Wednesday, September 25, 2013

Motherland

William Nicholson's novel may start by treating love as it is generally treated in books and movies  as an impulse or a stroke of lightning  but as the sprawling tale proceeds love takes on aspects more complicated and fraught. The story contains a brilliant set-piece on the failed British landing in Dieppe in 1942 and plenty of historical color from India and Jamaica. The characters struggle through traumas, thwarted desires, and loss, and do not shrink from addressing moral and religious dilemmas directly. This, as in Nicholson's earlier Sussex novels, is a breath of fresh air in a world of literary fiction that can be obtuse and petulantly ironic.

Saturday, September 21, 2013

Savage Messiah

H.S. Ede's biography of artist Henri Gaudier is told mostly in the form of letters from Gaudier to his beloved companion, Sophie Brzeska. The letters make clear the difference between a true artist, who works tirelessly at his craft, and a false one like Brzeska whose literary efforts were ingrown and ultimately unfinished. It is a testament to Gaudier's character that, even in the throes of poverty, he would offer his sculptures to admirers for free. Gaudier was killed in World War I at the age of 23.

Thursday, September 19, 2013

My Father's Fortune

It is a strange book that a reader finds detestable at page 70 and endearing at the finish, but that is Michael Frayn's memoir. The negative reaction is caused by Frayn's habit at the outset of describing perfectly ordinary people (and events) as if they were superhuman (or supernatural). One relative is "exotic" because she is a typist. But when the Second World War rolls around, the book offers a detailed and sensitive picture of life under threat of instant death. And after Frayn's mother's death at the close of the war, the family portrait is splashed with brighter colors.

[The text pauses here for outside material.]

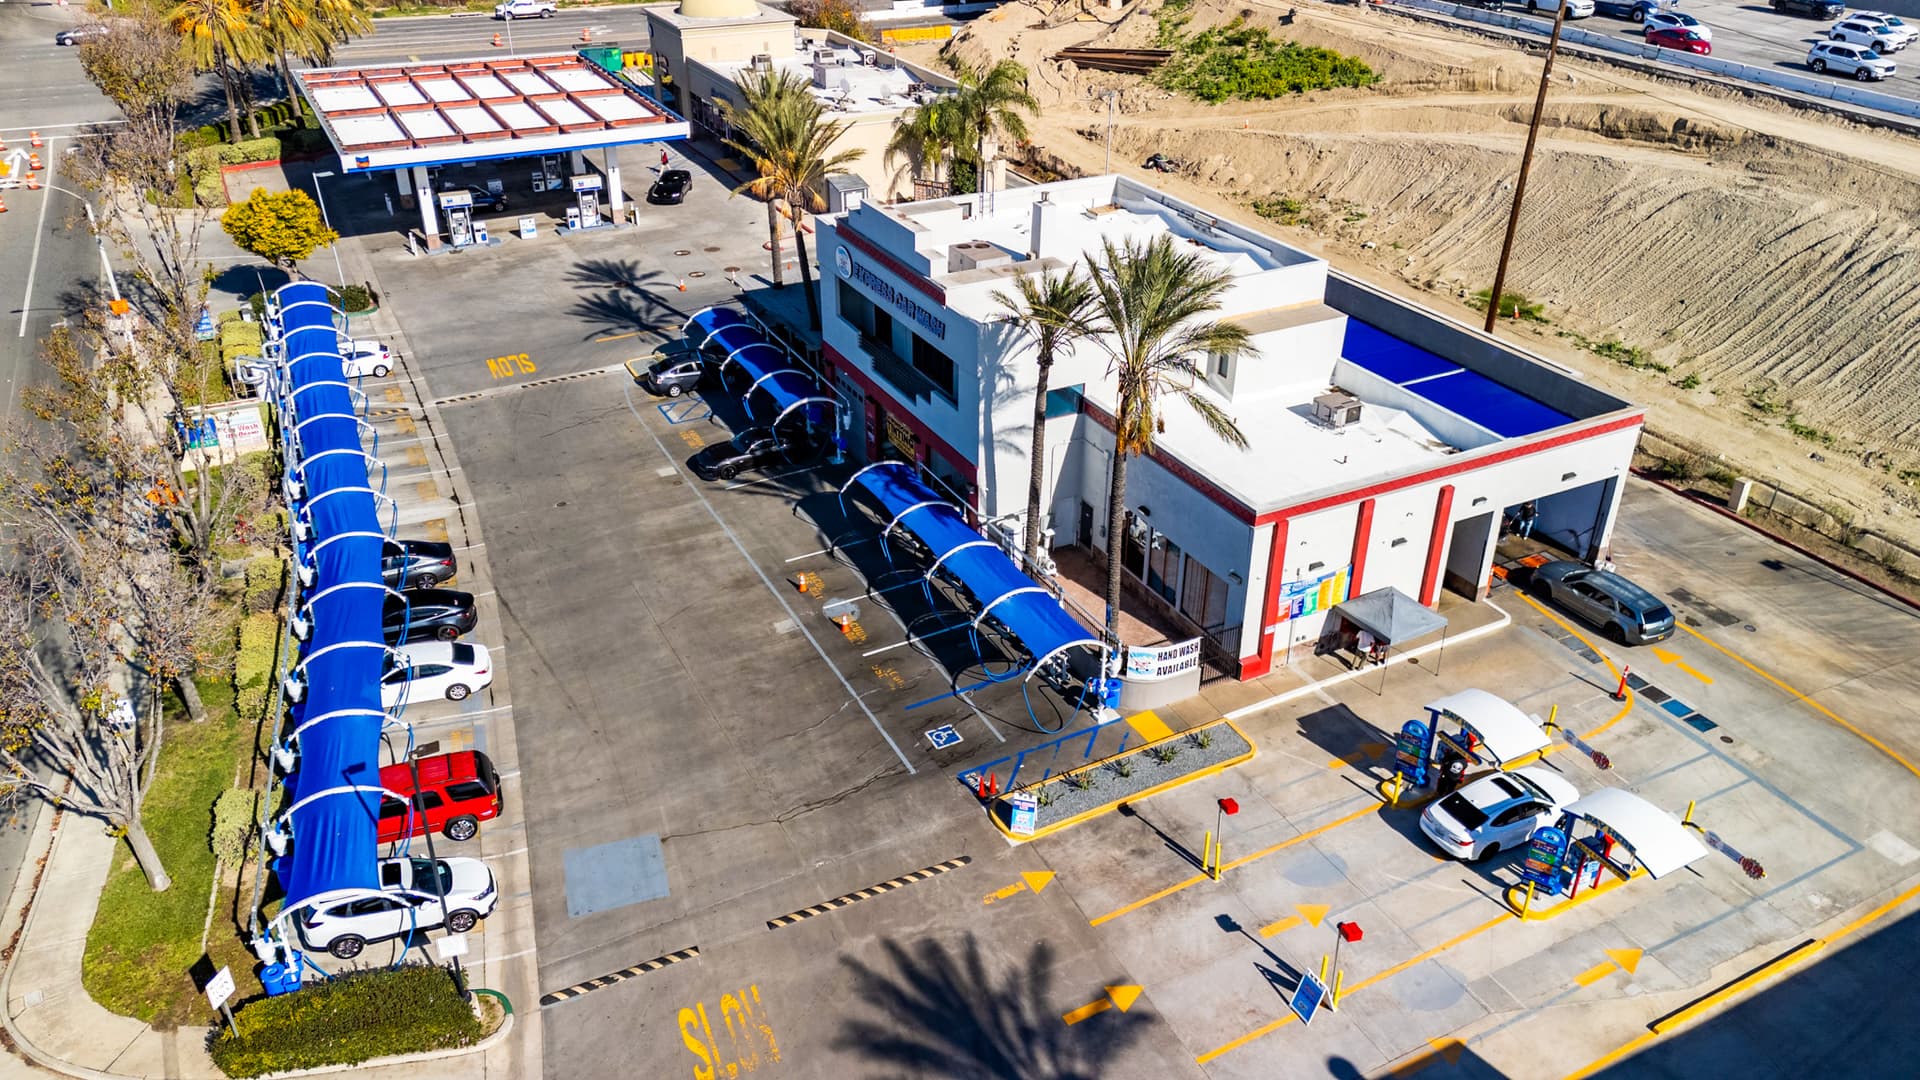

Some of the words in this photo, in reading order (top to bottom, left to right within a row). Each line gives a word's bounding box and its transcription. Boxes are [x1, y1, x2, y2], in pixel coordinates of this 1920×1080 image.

Tuesday, September 17, 2013

The Last Friend

In a repressive society, friendship can be more lifeline than trifle. That is the case in this Tahar Ben Jelloun novel set in Morocco starting in the 1950s. When school chums Ali and Mamed are thrown into a military re-education camp for some harmless dissident activity, a 30-year friendship is born. The story is told from both sides and from a third party. Jelloun manages to illuminate the specific (political and social life in Morocco) and the universal (the foundations of friendship, or love).

Tuesday, September 10, 2013

The Wilt Alternative

Henry Wilt, the anti-hero of Tom Sharpe's Wilt, is back with quadruplet daughters, a bigger house, and the same vexing wife, Eva. The wild plot includes genital mutilation and a terrorist siege. But there are also a few detours into more serious matters. As Sharpe puts it near the end of this comic novel, referring to Wilt but really to everyone, "No one ever understood him: no one ever would. He was a creature of infinite incomprehensibility and the world was filled with idiots, himself included."

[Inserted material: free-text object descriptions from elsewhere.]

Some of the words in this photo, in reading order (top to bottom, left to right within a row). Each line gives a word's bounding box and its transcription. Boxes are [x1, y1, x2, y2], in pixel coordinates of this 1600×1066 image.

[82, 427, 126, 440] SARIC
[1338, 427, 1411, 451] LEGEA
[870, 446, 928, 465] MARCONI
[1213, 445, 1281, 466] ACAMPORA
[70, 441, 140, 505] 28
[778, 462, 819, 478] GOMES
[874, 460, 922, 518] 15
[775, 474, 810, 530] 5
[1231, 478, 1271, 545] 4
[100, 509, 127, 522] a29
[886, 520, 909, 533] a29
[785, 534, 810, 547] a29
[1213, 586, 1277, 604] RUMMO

Saturday, September 7, 2013

Bomb Power

Gary Wills's 2010 examination of the imperial U.S. presidency and ballooning national security state could not be more timely. He traces the growth of secrecy and the state of constant war-in-peacetime to the atom bomb, which was developed in secret and exploded on presidential command. The need to secure bases, and nations, from which to launch these new weapons, combined with the Soviet threat, led to the growth of a military and espionage apparatus largely outside the control of Congress and therefore in violation of the Constitution. Only a slumbrous, ignorant public could have acquiesced for so long to the idea that "the president knows best."

Friday, September 6, 2013

Evil Eye

This book of Joyce Carol Oates stories, subtitled "Four Novellas of Love Gone Wrong," reveals a dark and frightening side of human relations. One tale, "The Execution," is a flat-out cribbing of a true story featured on television crime shows about a college student who takes an axe to his parents, with an ending twist. The eerie and stark stories show that love, even deformed, wants to triumph.

Wednesday, September 4, 2013

Leaving Tangier

An exile can leave his country, but he can never escape himself. Moroccan novelist Tahar Ben Jelloun tells the story of a brother and sister who seek a better life in Spain, just eight miles across the sea from Tangier, but who are thwarted (or debased) at nearly every turn. Leaving Tangier is, like Manhattan Transfer, an argument for the idea that novels are as good a way to learn about the world as histories.

Tuesday, September 3, 2013

Black Water

Joyce Carol Oates puts her clean, idiosyncratic prose (many of the sentences are fragments and the punctuation isn't standard, but readability and rhythm don't suffer) to work retelling the incident when Ted Kennedy drove off a bridge and a young woman died. In some ways this short novel is a horror story, as it describes the black water rising and the woman furiously trying to escape the submerged car. Where it expands into the woman's memories and hopes, it becomes pitilessly sad.